Information supplied
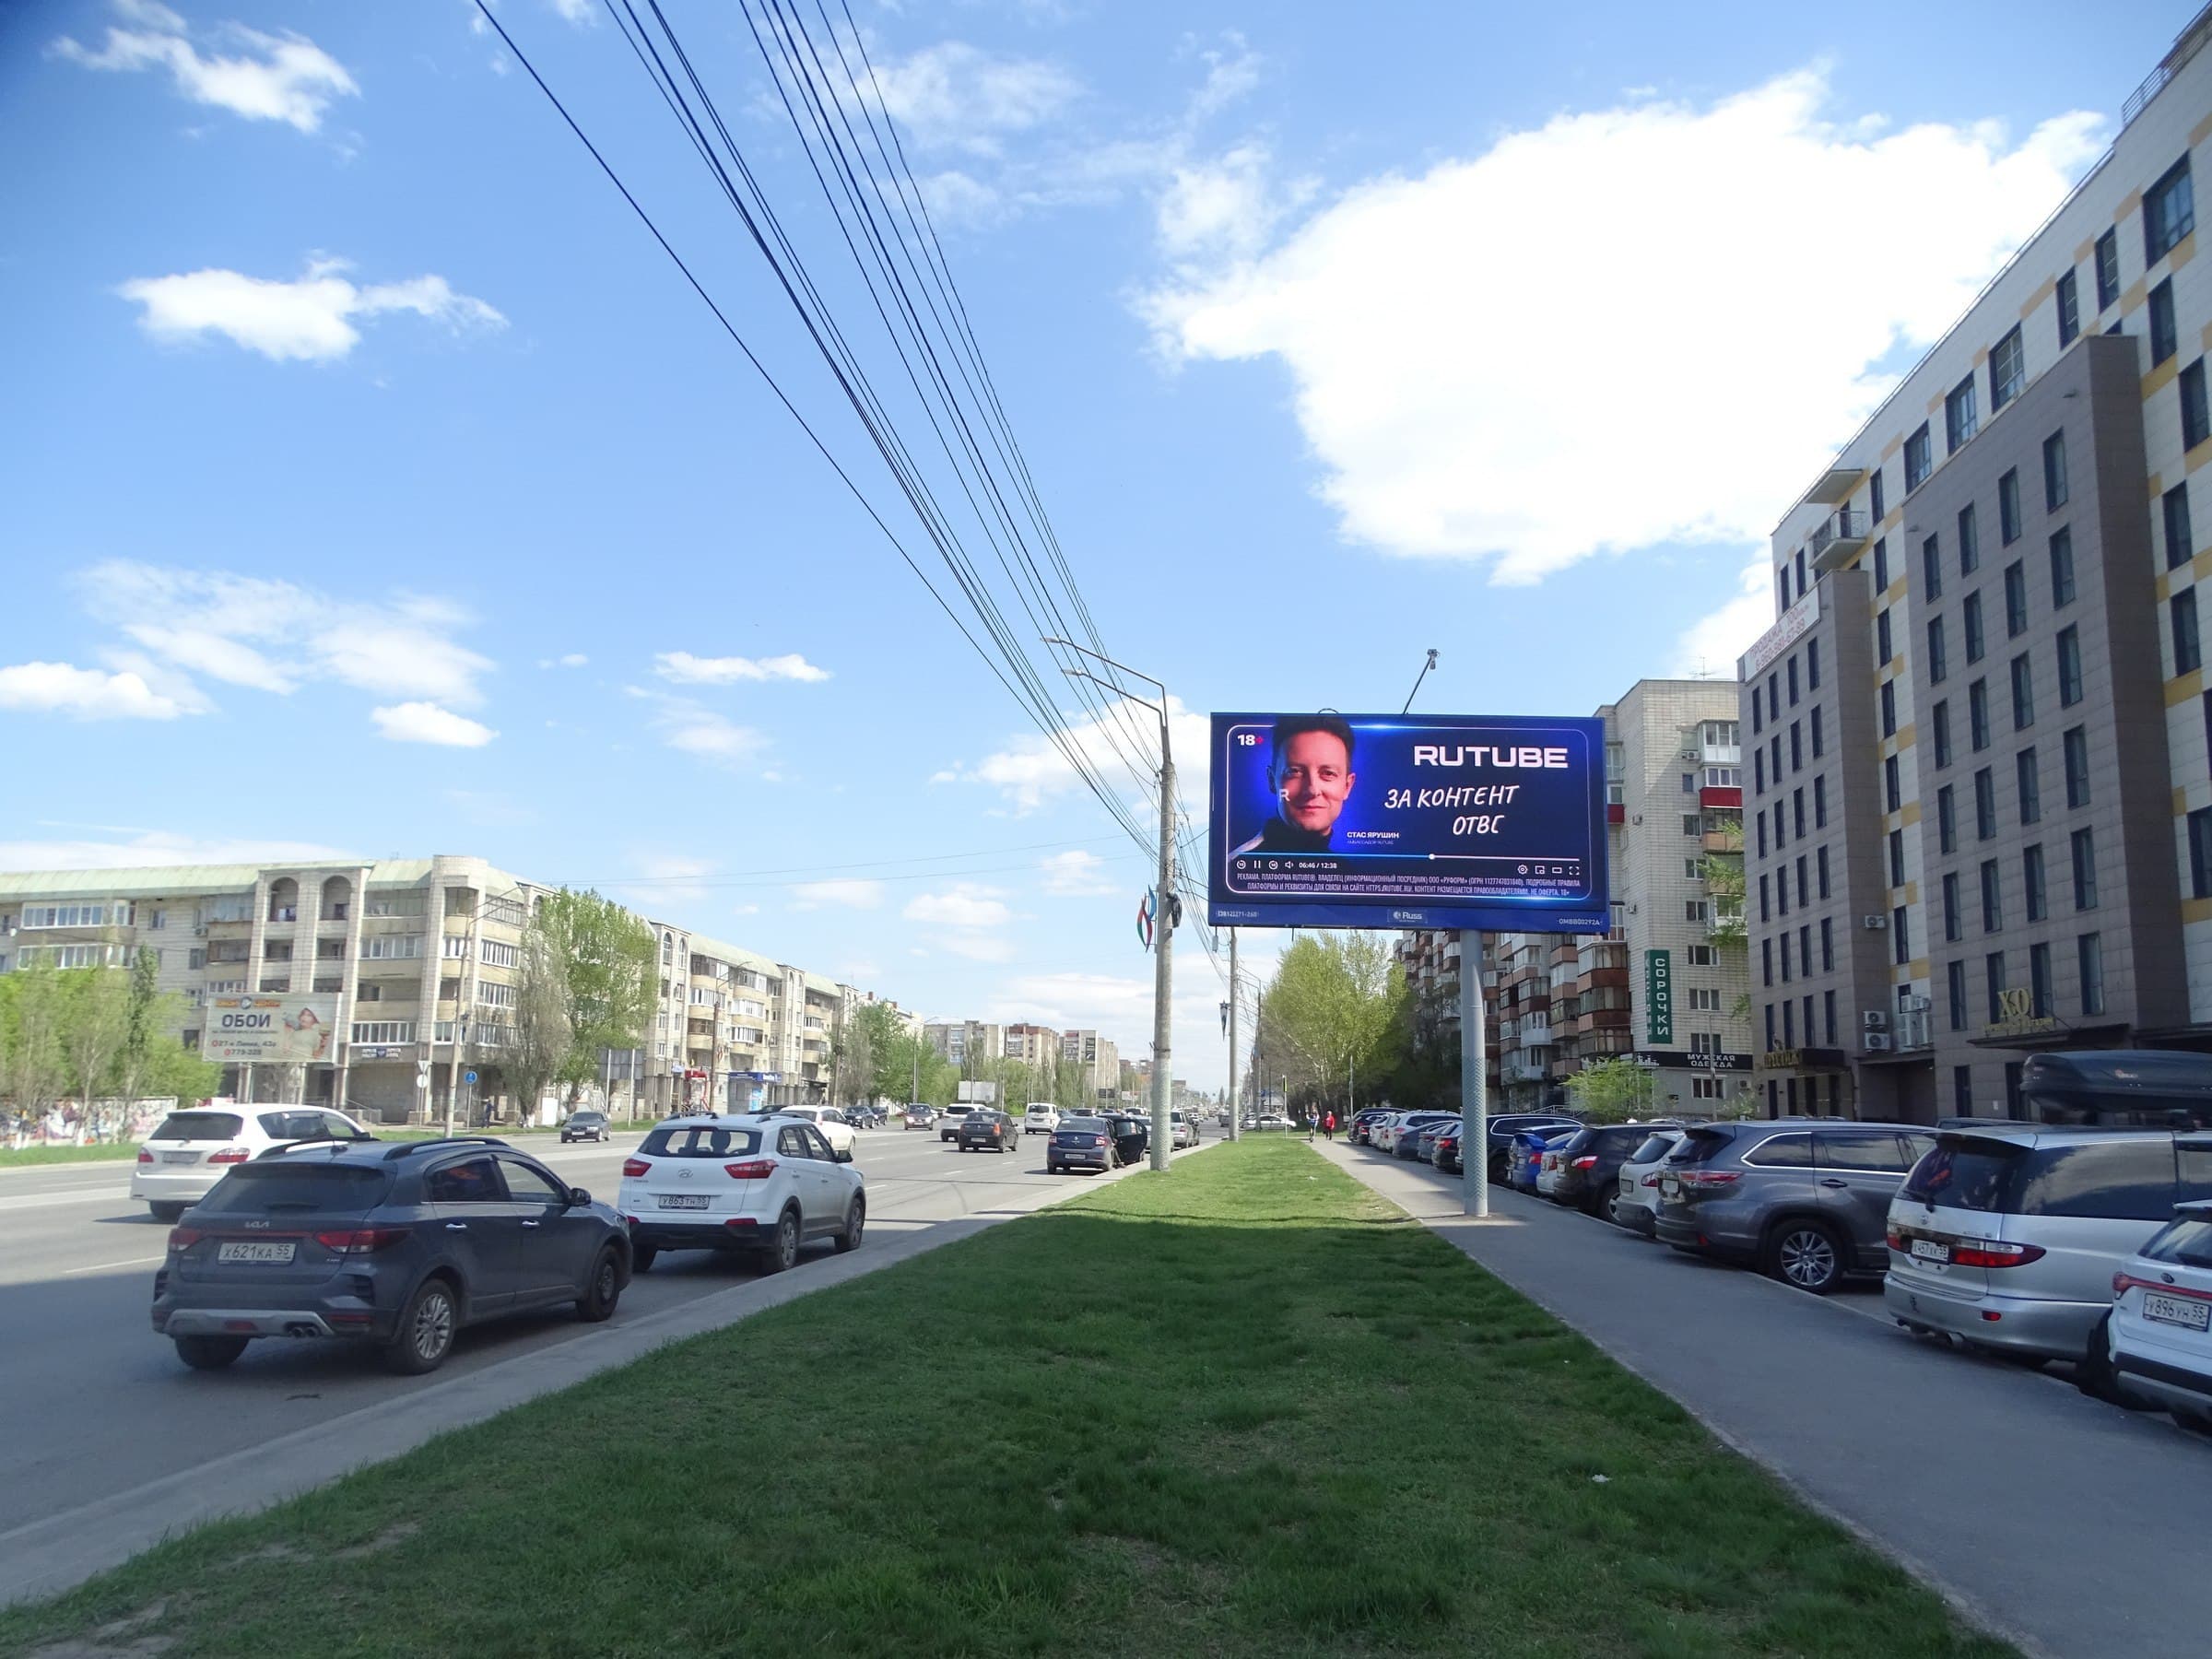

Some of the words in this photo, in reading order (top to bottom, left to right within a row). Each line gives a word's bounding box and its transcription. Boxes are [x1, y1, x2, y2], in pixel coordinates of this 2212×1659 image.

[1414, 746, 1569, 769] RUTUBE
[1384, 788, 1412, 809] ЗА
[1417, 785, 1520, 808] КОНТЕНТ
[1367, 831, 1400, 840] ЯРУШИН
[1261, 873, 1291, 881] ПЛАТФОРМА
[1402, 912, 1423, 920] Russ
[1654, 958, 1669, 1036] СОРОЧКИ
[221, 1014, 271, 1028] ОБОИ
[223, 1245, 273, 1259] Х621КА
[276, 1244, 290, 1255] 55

Instructions for the task
Word for word, reproduce the material above and omit each image.

Task response
Some of the words in this photo, in reading order (top to bottom, left to right within a row). Each line gives a word's bounding box and its transcription. Boxes are [x1, y1, x2, y2], in pixel coordinates of this 2212×1659 image.

[1414, 746, 1569, 769] RUTUBE
[1384, 788, 1412, 809] ЗА
[1417, 785, 1520, 808] КОНТЕНТ
[1367, 831, 1400, 840] ЯРУШИН
[1261, 873, 1291, 881] ПЛАТФОРМА
[1402, 912, 1423, 920] Russ
[1654, 958, 1669, 1036] СОРОЧКИ
[221, 1014, 271, 1028] ОБОИ
[223, 1245, 273, 1259] Х621КА
[276, 1244, 290, 1255] 55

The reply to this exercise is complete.